It’s heating up in saltwater, too, although it’s still not peak fishing season in North Carolina. We suggest you practice your skills inshore before big game season hits, with Black Drum, Redfish, and Trout all worthy opponents. If your heart is set on an offshore adventure, Yellowfin Tuna are on the menu, rubbing shoulders with their Bluefin cousins for a short period only. Again, just make sure that the weather is good before heading out.


Spring has truly spring in North Carolina come April, and anglers from all corners of the state (and beyond) come out. Fly fishing season kicks off for freshwater anglers, while saltwater fishing heats up the further out you go. Whether looking for some RnR during spring break, or hoping to take the kids away, NC is the place to be.

A fly angler casting a line in the shallow waters in the Great Smoky Mountains

We mentioned fly fishing, and it’s the mountain streams in the north and west that deserve your attention. The Great Smoky Mountains, in particular, are brimming with hungry Trout – three kinds in fact! The action peaks towards the end of the month as the waters warm up. It’s also non-stop action in the rivers and reservoirs, with multiple Bass species joining Panfish to provide a fishing frenzy.

There’s no letting up on inshore fishing, either, as the usual suspects are likely to be on the end of your line. Further out, Kingfish, Cobia, and Amberjack start to show up in big numbers, while big game fishing promises plenty as the weather gets calmer. Yellowfin Tuna swim by in the Gulf Stream, so it’s all about meat wherever you go.


North Carolina’s peak fishing season gets underway in May. Freshwater fishing is better and better, with the Atlantic Ocean also promising numerous bites and tough battles. Make the most of Memorial Day weekend at the Cherokee Trout Tournament, or hit up any of the numerous festivals that take place around the water.

A closeup of a Trout being held by an angler fishing in the Great Smoky Mountains

Speaking of Trout, Brook, Brown, and Rainbow varieties really hit their stride across the state. If we’d have to pick one location to visit, we’d suggest the Catawba River and its “special” waters. Don’t worry if you can’t make it, though, any local lake or river will do, since Crappie, Bluegill, as well as Spotted and Hybrid Striped Bass are also in the cards.

Offshore, it’s not quite peak season for the pelagics, but you can find some early arrivals. If you can’t wait for that deep sea adventure, you could hook into Mahi Mahi and Billfish, along with Tuna. But we suggest hitting the surf or a North Carolina fishing pier, where Cobia and Kingfish come close enough to reel in. It’s also an excellent time to hit the bays and sounds to practice your skills before the real monsters arrive.


It’s the time everyone has been waiting for. Big game fishing season in North Carolina is here, as the warm weather brings with it hungry pelagic creatures. The benefit of fishing in June is that you get all the pluses of fishing in summer without the crowds! You can discover the wilderness of the Outer Banks, where fishing is a way of life. Explore bustling towns like Wilmington. And you can still even escape from it all and hit the mountain streams. June really does have it all.

An angler holds a colorful Mahi Mahi on a North Carolina fishing charter

Firstly, let’s focus on offshore fishing, with Mahi Mahi and Wahoo arriving in great numbers. Between dry land and the Gulf Stream everything is possible, but it gets better the further out you go. Bigeye and Yellowfin Tuna promise tasty fish fillets after a tough workout, but the real prize comes when you encounter Billfish. Blue and White Marlin, along with their cousins, Sailfish, will give any angler a run for their money.

That doesn’t mean that there’s no inshore fishing to be had, however. On the contrary. Tarpon make their way to North Carolina in June, giving you the chance for a battle comparable to that of a Billfish in the shallows! Meanwhile, Trout, Bass, Perch, and Panfish are still in their peak season, so there’s an endless list of places to visit!
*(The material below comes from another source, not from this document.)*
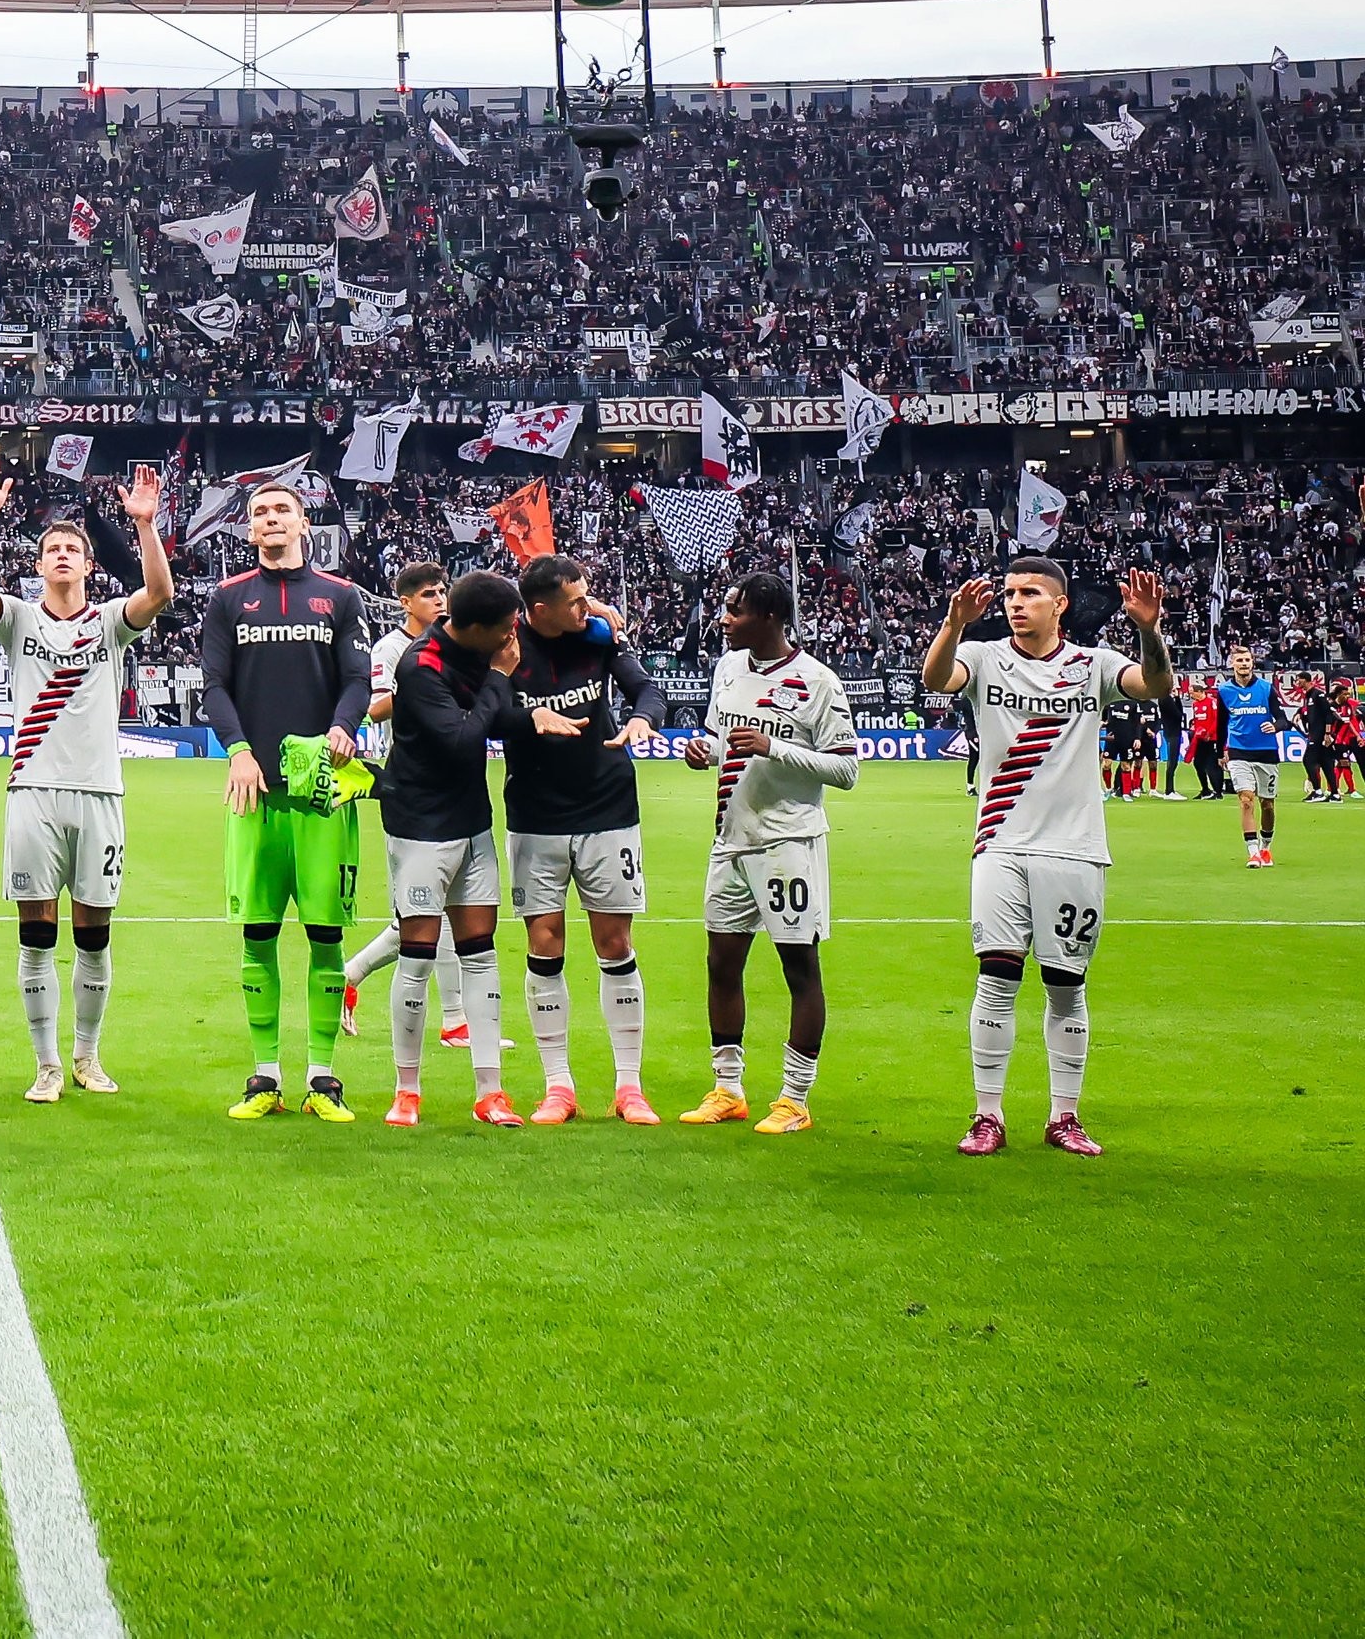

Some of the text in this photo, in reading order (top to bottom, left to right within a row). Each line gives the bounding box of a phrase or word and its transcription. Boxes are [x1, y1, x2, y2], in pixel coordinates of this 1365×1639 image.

Things calm down a little inland as it gets hotter, but that just means getting your time of day right. Get out on the water early in the morning or around sunset, and you could get your fill of Trout and Bass. Stay throughout the day, and Catfish are a new possibility, as they hungrily lurch along the river and lake beds.
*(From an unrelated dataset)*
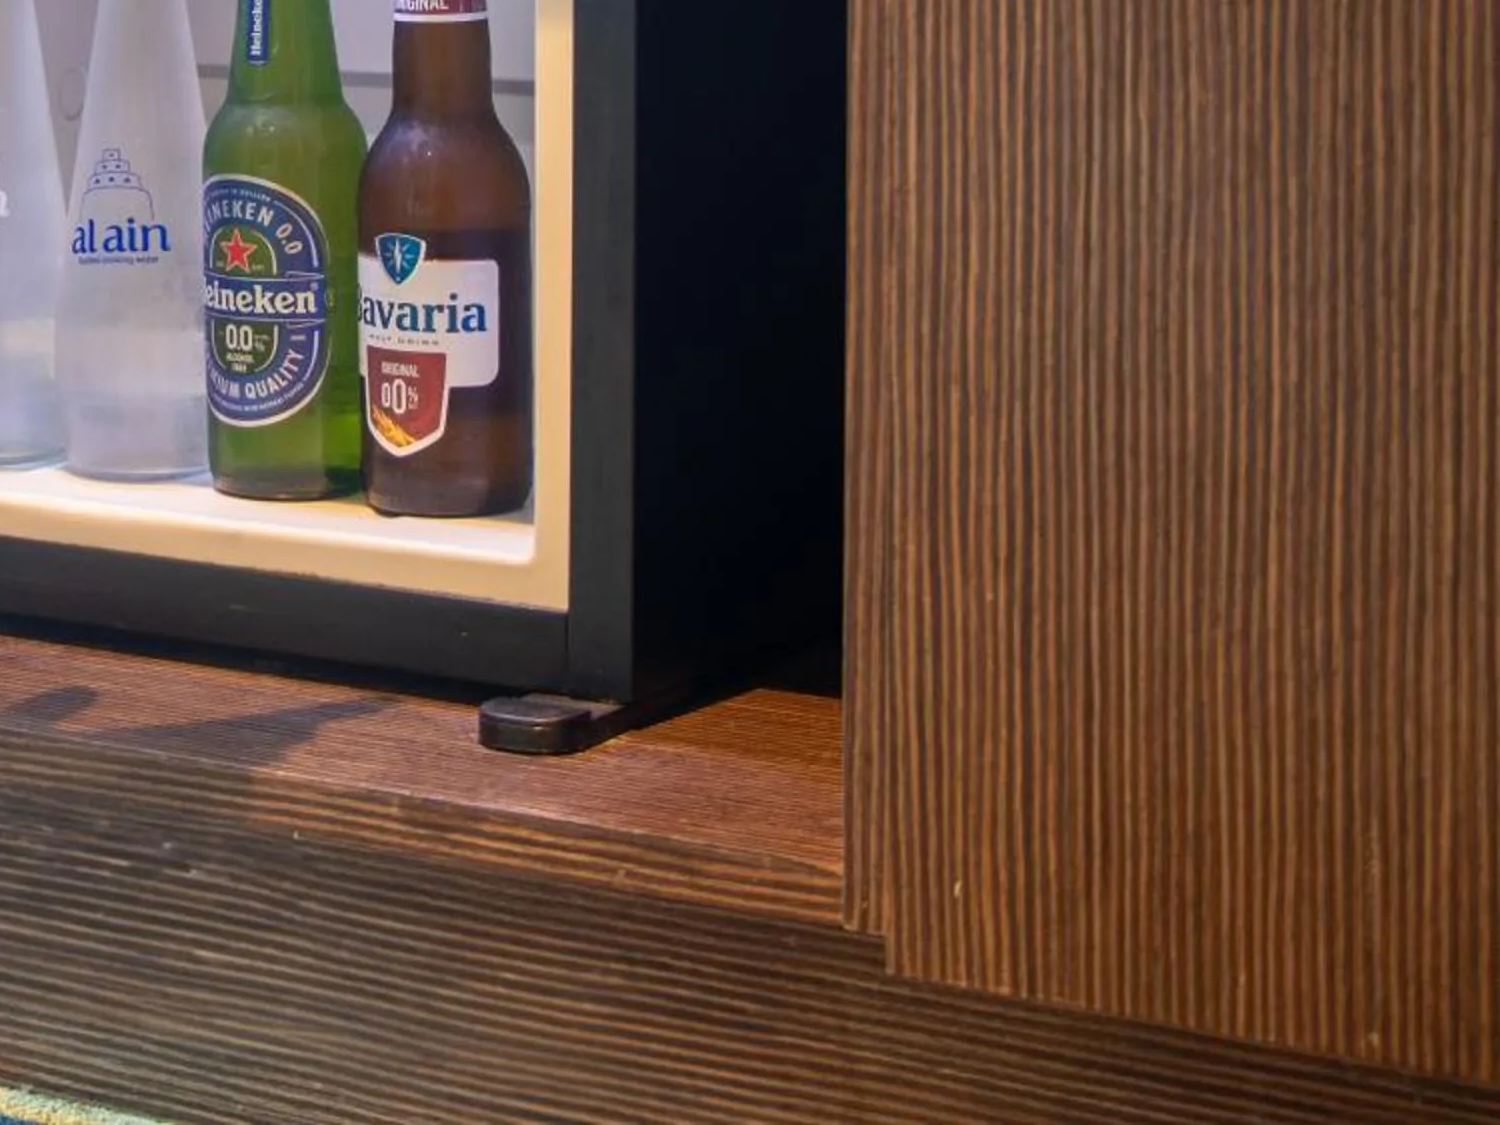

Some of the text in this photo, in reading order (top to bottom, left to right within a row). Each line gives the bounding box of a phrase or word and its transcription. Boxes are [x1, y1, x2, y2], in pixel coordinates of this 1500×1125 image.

[71, 216, 172, 254] al ain
[275, 222, 303, 254] 0.0
[201, 277, 317, 314] eineken
[244, 347, 305, 400] QUALITY
An elder and younger angler hold a large Tarpon at the side of a boat in North Carolina

When it comes to saltwater fishing, anglers from all over the country flock to the coastline – and for good reason. Not only is school out, but it’s also peak fishing season in North Carolina. Tarpon are in full swing in the shallows, while Redfish, Bluefish, and Speckled Trout mean that the whole family can enjoy the water.
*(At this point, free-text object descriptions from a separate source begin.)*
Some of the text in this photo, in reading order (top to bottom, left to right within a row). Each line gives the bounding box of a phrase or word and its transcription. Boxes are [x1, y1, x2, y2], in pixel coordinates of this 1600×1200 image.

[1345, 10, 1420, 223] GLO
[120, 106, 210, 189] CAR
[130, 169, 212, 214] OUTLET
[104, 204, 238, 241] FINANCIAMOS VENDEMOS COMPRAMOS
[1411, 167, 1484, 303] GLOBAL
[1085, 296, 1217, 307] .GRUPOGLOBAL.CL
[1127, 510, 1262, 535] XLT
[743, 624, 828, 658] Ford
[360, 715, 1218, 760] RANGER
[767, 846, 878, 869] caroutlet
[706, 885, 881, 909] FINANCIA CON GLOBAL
Want to head further out? Fishing has never been better. Sailfish and Blue and White Marlin are a real sight for sore eyes in the Gulf Stream. But you’d better get ready for sore arms, too, if you plan on doing battle with these brutes. There’s also plenty to fill the cooler, too, with Mahi Mahi, Wahoo, and Bigeye Tuna offshore. What better way to end the day than with some fresh fish on the BBQ as you look back out on the sea?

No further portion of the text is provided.